When we first heard about a 15-year-old domestic worker from Myanmar seeking help at a shelter in Singapore in 2016, we thought it was an isolated case. But at the shelter, we met three other teenage maids from Myanmar who'd also run away from their employers. One said she'd been physically abused; another fled after her male employer asked her to take a shower with him; a third told us she'd been raped.
Why were children working in Singapore? How did they even get here? We decided to investigate.
In our 2016 documentary, we uncovered a thriving trade in the trafficking of underage girls from Myanmar to Singapore. We discovered that this was happening despite laws in both countries designed to prevent the exploitation of vulnerable young women.
In 2014, Myanmar banned all female citizens from leaving to become domestic workers overseas. But we learned that, in villages across the country, recruiters were still telling impoverished families their lives would improve if they let their daughters go to Singapore.
What they didn't say, of course, was that doing so was illegal and that there would be risks involved. What the agents got in return was a cut of the hefty recruitment fees the girls were obliged to pay.

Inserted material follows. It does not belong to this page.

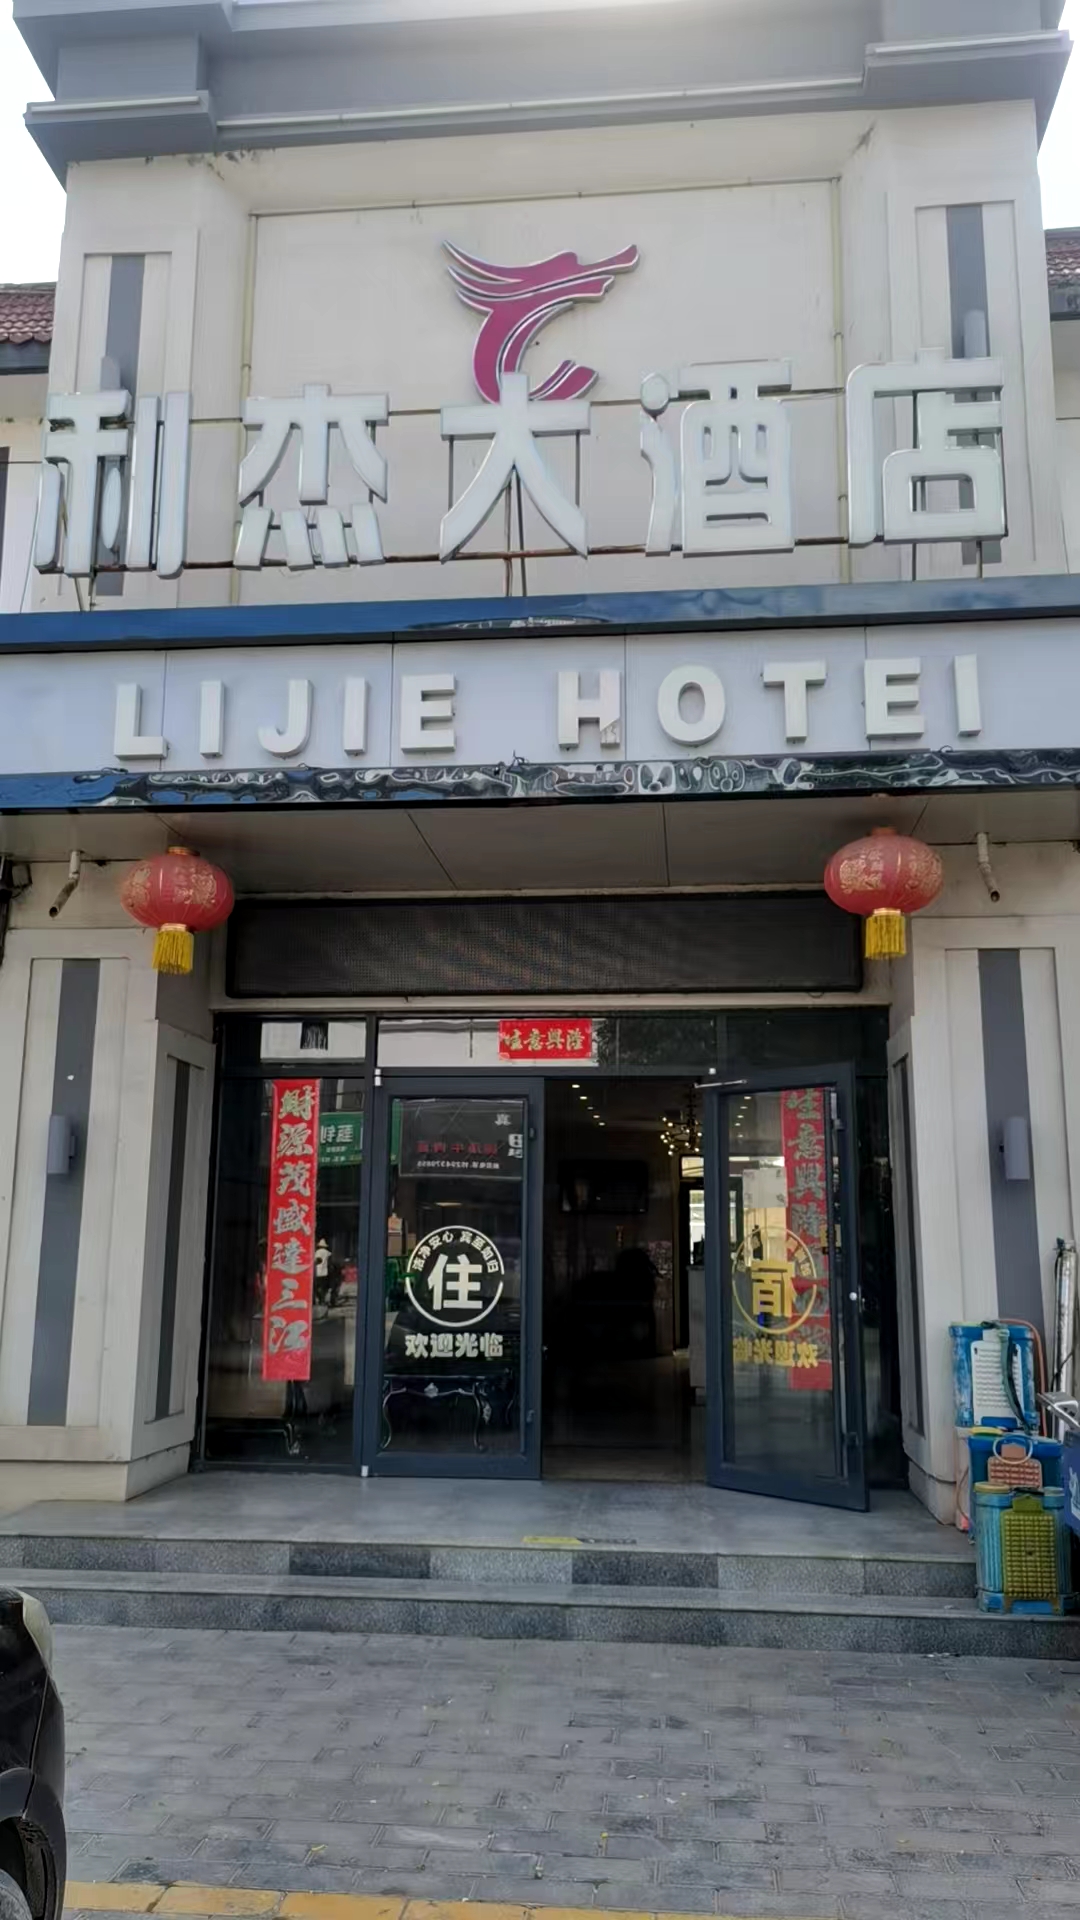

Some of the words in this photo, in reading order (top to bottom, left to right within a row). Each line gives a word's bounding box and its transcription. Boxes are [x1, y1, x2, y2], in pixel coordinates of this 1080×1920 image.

[34, 355, 1008, 578] 利杰大酒店
[113, 673, 457, 761] LIJIE
[427, 1253, 483, 1311] 住
[404, 1332, 504, 1359] 欢迎光临

According to Singapore legislation, domestic workers in the wealthy island state must be at least 23 years old. However, agents regularly bribe officials in Myanmar's Immigration Department to alter birth dates on passports, allowing them to send underage girls into the country.
Some of the girls we met were barely out of their teens, but with fake documents, they were able to avoid detection in Singapore. They told us that before leaving Myanmar, their agents would instruct them to never tell anyone their real age.
The documentary went viral both in Singapore and Myanmar. But 18 months later, we discovered that very little changed. The trafficking continues.